* [Image-backed grounding data]:
#####
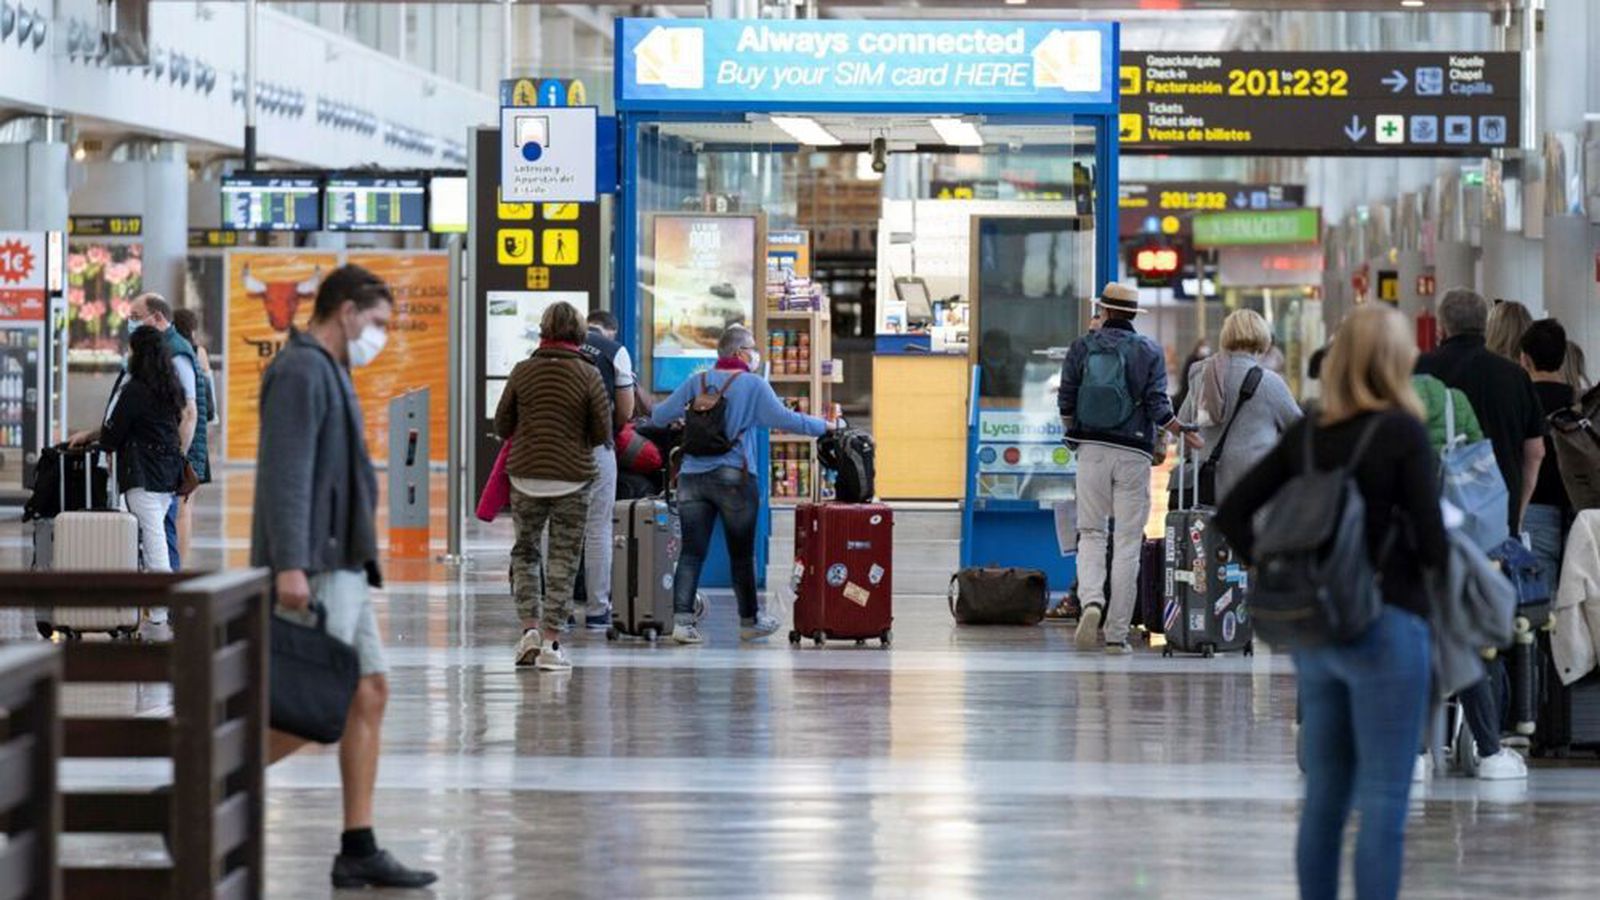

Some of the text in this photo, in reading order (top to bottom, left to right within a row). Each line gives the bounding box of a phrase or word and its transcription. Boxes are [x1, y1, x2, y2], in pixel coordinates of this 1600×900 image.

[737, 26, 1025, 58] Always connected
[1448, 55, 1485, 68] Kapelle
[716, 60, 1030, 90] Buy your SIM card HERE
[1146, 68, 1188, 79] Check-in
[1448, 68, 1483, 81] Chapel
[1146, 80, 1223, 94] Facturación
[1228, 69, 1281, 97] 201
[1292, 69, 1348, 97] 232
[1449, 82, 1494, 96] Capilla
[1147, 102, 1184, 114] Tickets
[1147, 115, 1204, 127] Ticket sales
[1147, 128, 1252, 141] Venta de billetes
#####
Return each entry exactly as given. Leave the images out.

* [Written answer]:
Some of the text in this photo, in reading order (top to bottom, left to right within a row). Each line gives the bounding box of a phrase or word and its transcription. Boxes are [x1, y1, x2, y2], in pixel coordinates of this 1600×900 image.

[737, 26, 1025, 58] Always connected
[1448, 55, 1485, 68] Kapelle
[716, 60, 1030, 90] Buy your SIM card HERE
[1146, 68, 1188, 79] Check-in
[1448, 68, 1483, 81] Chapel
[1146, 80, 1223, 94] Facturación
[1228, 69, 1281, 97] 201
[1292, 69, 1348, 97] 232
[1449, 82, 1494, 96] Capilla
[1147, 102, 1184, 114] Tickets
[1147, 115, 1204, 127] Ticket sales
[1147, 128, 1252, 141] Venta de billetes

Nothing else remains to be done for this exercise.